### [Exercise details]
Output the entries below unchanged, except for the pictures.

### [Data shown]
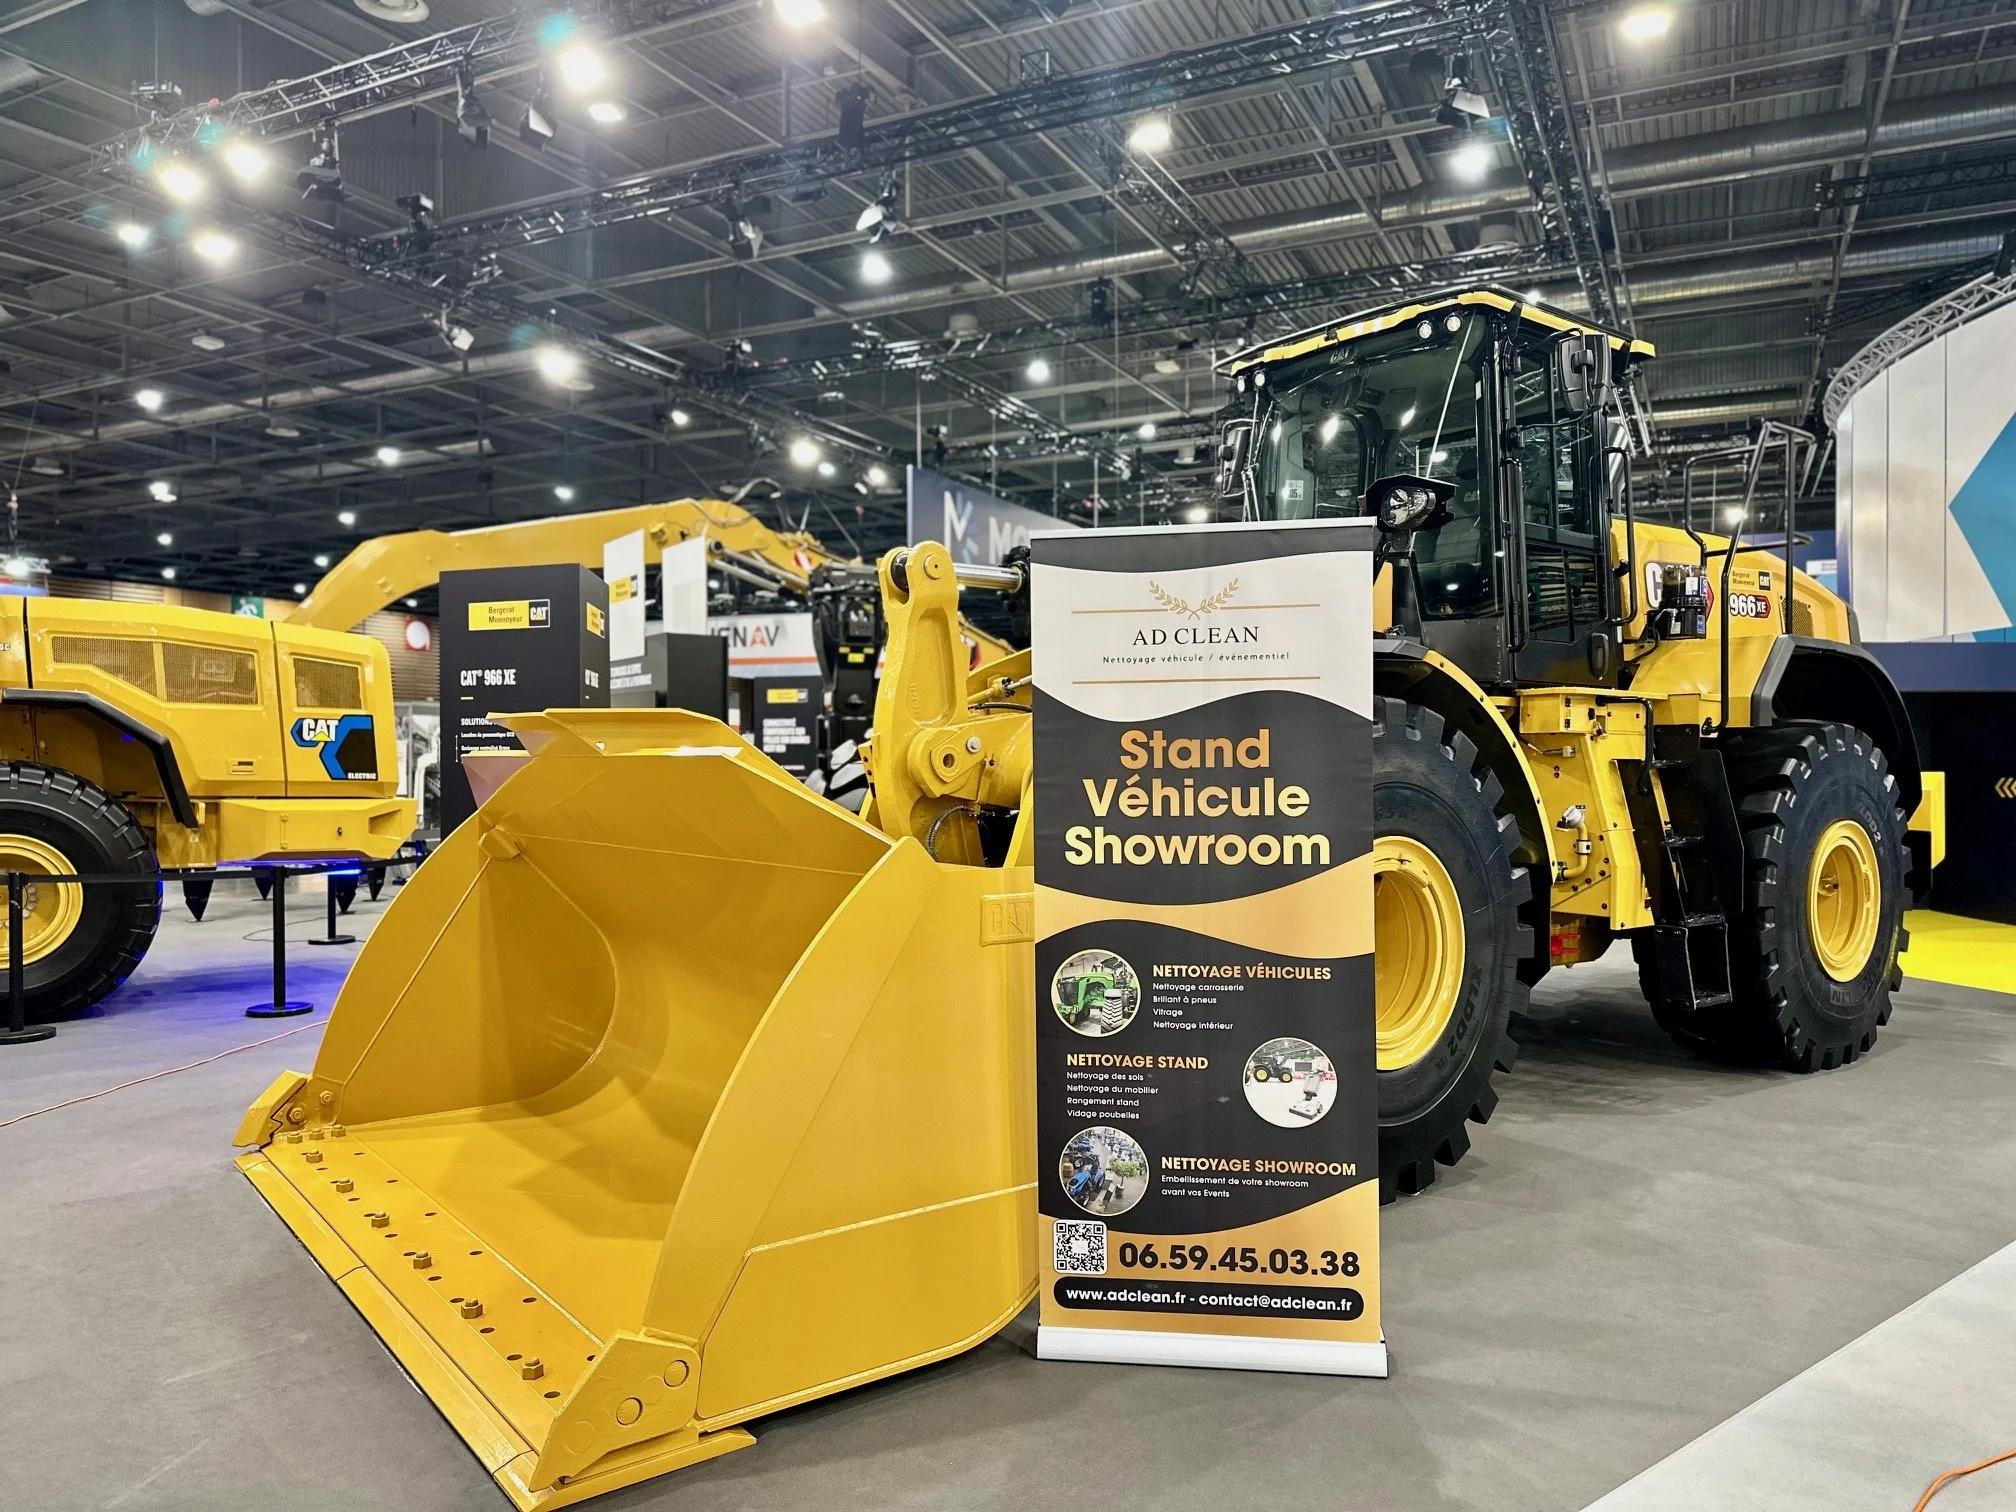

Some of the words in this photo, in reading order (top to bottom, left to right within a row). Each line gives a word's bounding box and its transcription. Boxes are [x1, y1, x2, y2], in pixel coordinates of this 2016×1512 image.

[1729, 594, 1756, 617] 966
[1756, 601, 1767, 613] XE
[488, 606, 515, 615] Bergerat
[529, 606, 548, 621] CAT
[488, 615, 523, 624] Monnoyeur
[1132, 629, 1167, 646] AD
[1174, 626, 1260, 645] CLEAN
[1103, 655, 1156, 665] Nettoyage
[1161, 653, 1204, 662] véhicule
[1219, 651, 1290, 661] événementiel
[484, 669, 503, 686] 966
[503, 668, 517, 685] XE
[302, 718, 339, 742] CAT
[1119, 728, 1271, 770] Stand
[347, 772, 377, 780] ELECTRIC
[1081, 773, 1310, 818] Véhicule
[1064, 825, 1331, 866] Showroom
[1152, 964, 1242, 979] NETTOYAGE
[1245, 962, 1332, 980] VÉHICULES
[1152, 983, 1196, 992] Nettoyage
[1198, 984, 1244, 992] carrosserie
[1153, 996, 1181, 1004] Brillant
[1183, 996, 1190, 1004] à
[1191, 997, 1217, 1005] pneus
[1152, 1008, 1183, 1018] Vitrage
[1153, 1021, 1197, 1031] Nettoyage
[1198, 1021, 1234, 1030] intérieur
[1066, 1053, 1154, 1069] NETTOYAGE
[1157, 1056, 1209, 1070] STAND
[1066, 1072, 1109, 1081] Nettoyage
[1111, 1072, 1126, 1081] des
[1128, 1073, 1144, 1081] sols
[1066, 1084, 1109, 1094] Nettoyage
[1111, 1085, 1123, 1093] du
[1124, 1086, 1158, 1095] mobilier
[1066, 1097, 1114, 1106] Rangement
[1116, 1098, 1139, 1107] stand
[1066, 1109, 1097, 1119] Vidage
[1099, 1111, 1140, 1120] poubelles
[1161, 1156, 1251, 1172] NETTOYAGE
[1254, 1159, 1357, 1176] SHOWROOM
[1161, 1174, 1226, 1185] Embellissement
[1228, 1177, 1239, 1185] de
[1241, 1177, 1263, 1186] votre
[1264, 1178, 1309, 1187] showroom
[1161, 1188, 1186, 1196] avant
[1203, 1189, 1230, 1198] Events
[1118, 1241, 1361, 1278] 06.59.45.03.38
[1066, 1286, 1187, 1305] www.adclean.fr
[1198, 1292, 1353, 1312] contact@adclean.fr

### [Solution to this task]
Some of the words in this photo, in reading order (top to bottom, left to right within a row). Each line gives a word's bounding box and its transcription. Boxes are [x1, y1, x2, y2], in pixel coordinates of this 2016×1512 image.

[1729, 594, 1756, 617] 966
[1756, 601, 1767, 613] XE
[488, 606, 515, 615] Bergerat
[529, 606, 548, 621] CAT
[488, 615, 523, 624] Monnoyeur
[1132, 629, 1167, 646] AD
[1174, 626, 1260, 645] CLEAN
[1103, 655, 1156, 665] Nettoyage
[1161, 653, 1204, 662] véhicule
[1219, 651, 1290, 661] événementiel
[484, 669, 503, 686] 966
[503, 668, 517, 685] XE
[302, 718, 339, 742] CAT
[1119, 728, 1271, 770] Stand
[347, 772, 377, 780] ELECTRIC
[1081, 773, 1310, 818] Véhicule
[1064, 825, 1331, 866] Showroom
[1152, 964, 1242, 979] NETTOYAGE
[1245, 962, 1332, 980] VÉHICULES
[1152, 983, 1196, 992] Nettoyage
[1198, 984, 1244, 992] carrosserie
[1153, 996, 1181, 1004] Brillant
[1183, 996, 1190, 1004] à
[1191, 997, 1217, 1005] pneus
[1152, 1008, 1183, 1018] Vitrage
[1153, 1021, 1197, 1031] Nettoyage
[1198, 1021, 1234, 1030] intérieur
[1066, 1053, 1154, 1069] NETTOYAGE
[1157, 1056, 1209, 1070] STAND
[1066, 1072, 1109, 1081] Nettoyage
[1111, 1072, 1126, 1081] des
[1128, 1073, 1144, 1081] sols
[1066, 1084, 1109, 1094] Nettoyage
[1111, 1085, 1123, 1093] du
[1124, 1086, 1158, 1095] mobilier
[1066, 1097, 1114, 1106] Rangement
[1116, 1098, 1139, 1107] stand
[1066, 1109, 1097, 1119] Vidage
[1099, 1111, 1140, 1120] poubelles
[1161, 1156, 1251, 1172] NETTOYAGE
[1254, 1159, 1357, 1176] SHOWROOM
[1161, 1174, 1226, 1185] Embellissement
[1228, 1177, 1239, 1185] de
[1241, 1177, 1263, 1186] votre
[1264, 1178, 1309, 1187] showroom
[1161, 1188, 1186, 1196] avant
[1203, 1189, 1230, 1198] Events
[1118, 1241, 1361, 1278] 06.59.45.03.38
[1066, 1286, 1187, 1305] www.adclean.fr
[1198, 1292, 1353, 1312] contact@adclean.fr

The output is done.